RNA干扰(RNA interference,RNAi)技术是双链RNA介导的、序列特异的转录后基因沉默现象,用于高效地降低或关闭特定基因的表达,为内源性功能基因研究和基因治疗提供了新的策略[9]。研究发现如果将siRNA直接或经重组表达质粒转入真核细胞,它只能产生短时间基因沉默效果。慢病毒载体作为近年来发展的一个新型导入siRNA的载体,可将目的基因有效输入到细胞核,可感染分裂和非分裂细胞并可整合到宿主的基因组,持续下调目的基因的表达,其基因转染效率高,细胞免疫反应小,并通过基因整合,稳定持久地产生短发卡RNA(shRNA)而发挥其关键的沉默效应[10]。
本研究针对人VASH1基因编码区设计了一条shRNA,以复制缺陷型慢病毒作为载体,构建了特异性干扰VASH1基因的慢病毒载体,并成功转染至人脑胶质瘤U-87MG细胞。经RT-PCR和Western blot分析证明在U-87MG细胞内VASH1在分子水平及蛋白水平的表达均得到明显的抑制。结果说明本研究构建的慢病毒RNA干扰表达载体在人脑胶质瘤U-87MG细胞内能稳定、高效、特异地抑制VASH1基因表达。

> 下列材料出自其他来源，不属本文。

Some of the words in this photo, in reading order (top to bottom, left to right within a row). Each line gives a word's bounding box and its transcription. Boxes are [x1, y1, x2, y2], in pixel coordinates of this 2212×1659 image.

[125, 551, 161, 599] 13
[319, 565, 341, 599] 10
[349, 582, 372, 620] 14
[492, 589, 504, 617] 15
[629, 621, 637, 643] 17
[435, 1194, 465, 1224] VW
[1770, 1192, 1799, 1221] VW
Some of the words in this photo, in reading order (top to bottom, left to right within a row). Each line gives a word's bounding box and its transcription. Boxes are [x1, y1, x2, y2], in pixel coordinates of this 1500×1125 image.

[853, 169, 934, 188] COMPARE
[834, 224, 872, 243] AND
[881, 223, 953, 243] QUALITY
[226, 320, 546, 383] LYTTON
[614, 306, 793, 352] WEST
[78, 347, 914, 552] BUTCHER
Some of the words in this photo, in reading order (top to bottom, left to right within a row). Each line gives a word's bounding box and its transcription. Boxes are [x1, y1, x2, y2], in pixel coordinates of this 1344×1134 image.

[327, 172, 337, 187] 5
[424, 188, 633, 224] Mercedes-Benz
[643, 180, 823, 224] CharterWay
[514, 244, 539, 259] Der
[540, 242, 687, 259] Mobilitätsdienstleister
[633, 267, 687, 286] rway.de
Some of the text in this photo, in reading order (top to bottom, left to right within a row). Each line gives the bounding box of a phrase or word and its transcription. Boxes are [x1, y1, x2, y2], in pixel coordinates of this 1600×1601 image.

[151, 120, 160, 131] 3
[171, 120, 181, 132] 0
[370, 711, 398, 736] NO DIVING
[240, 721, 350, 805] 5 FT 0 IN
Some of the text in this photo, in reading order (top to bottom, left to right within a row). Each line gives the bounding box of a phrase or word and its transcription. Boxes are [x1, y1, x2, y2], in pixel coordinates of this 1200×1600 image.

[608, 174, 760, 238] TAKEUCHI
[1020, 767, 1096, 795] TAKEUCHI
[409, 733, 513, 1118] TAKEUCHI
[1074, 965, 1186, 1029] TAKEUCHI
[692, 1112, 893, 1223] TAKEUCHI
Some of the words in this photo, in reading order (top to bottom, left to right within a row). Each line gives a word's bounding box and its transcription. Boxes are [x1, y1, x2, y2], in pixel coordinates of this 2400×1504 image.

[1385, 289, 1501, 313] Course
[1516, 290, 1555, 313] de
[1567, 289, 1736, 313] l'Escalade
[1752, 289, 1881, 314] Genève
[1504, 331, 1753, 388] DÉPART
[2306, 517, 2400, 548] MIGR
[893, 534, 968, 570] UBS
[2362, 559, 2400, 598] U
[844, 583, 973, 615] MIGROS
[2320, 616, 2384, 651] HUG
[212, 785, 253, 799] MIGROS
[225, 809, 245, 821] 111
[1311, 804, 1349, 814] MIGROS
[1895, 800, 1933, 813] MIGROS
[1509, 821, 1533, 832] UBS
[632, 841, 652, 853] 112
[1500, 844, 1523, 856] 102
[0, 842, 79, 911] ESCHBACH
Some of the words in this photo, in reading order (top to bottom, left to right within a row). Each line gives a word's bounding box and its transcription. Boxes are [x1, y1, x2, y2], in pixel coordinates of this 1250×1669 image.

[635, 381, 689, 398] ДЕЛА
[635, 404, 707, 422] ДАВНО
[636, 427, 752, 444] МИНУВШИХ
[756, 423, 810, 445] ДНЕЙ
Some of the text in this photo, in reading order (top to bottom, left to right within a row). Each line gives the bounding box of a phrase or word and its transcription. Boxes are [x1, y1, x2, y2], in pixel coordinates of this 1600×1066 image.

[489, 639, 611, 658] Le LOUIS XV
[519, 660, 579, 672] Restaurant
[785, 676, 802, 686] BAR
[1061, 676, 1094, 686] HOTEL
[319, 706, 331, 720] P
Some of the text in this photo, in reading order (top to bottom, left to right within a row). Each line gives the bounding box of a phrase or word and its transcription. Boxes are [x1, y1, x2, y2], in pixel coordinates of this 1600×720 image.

脑胶质瘤组织的增殖过程依赖于肿瘤新生血管的形成。VASH1在血管新生过程中有着重要的负反馈调节作用。在对宫颈癌标本的研究发现,血管内皮细胞中VASH1的表达随着组织学恶性程度的增加而增加,而且与随之变化的VEGFR2存在相关性[11]。本研究对VASH1 shRNA转染U-87MG细胞的细胞增殖能力进行检验,结果发现VASH1表达的抑制有促进U-87MG细胞增殖的趋势,提示VASH1可能通过抑制胶质瘤新生血管的形成来起到抑制胶质瘤发生、发展的作用,但其具体机制尚需要进一步研究。而本实验中还发现U-87MG细胞的凋亡率较阴性对照组和空白对照组明显下降,说明VASH1基因的缺失与人脑胶质瘤U-87MG细胞凋亡也密切相关。同时本研究结果表明VASH1 shRNA转染U-87MG细胞后在第48 h主要表现为早期凋亡细胞的减少,而96 h时晚期凋亡细胞也明显减少,说明VASH1 shRNA转染后在96 h出现VASH1的抑制高峰,其结果与RT-PCR、Western blot、MTT检测的结果相呼应。
综上所述,VASH1对人脑胶质瘤U-87MG细胞恶性生物学行为有明显的调控作用。这不仅为进一步明确人脑胶质瘤的发病机制提供了新的研究思路,也为临床利用VASH1作为判断肿瘤发生发展的分子标志物和抗肿瘤血管生成治疗的有效蛋白因子提供了理论依据。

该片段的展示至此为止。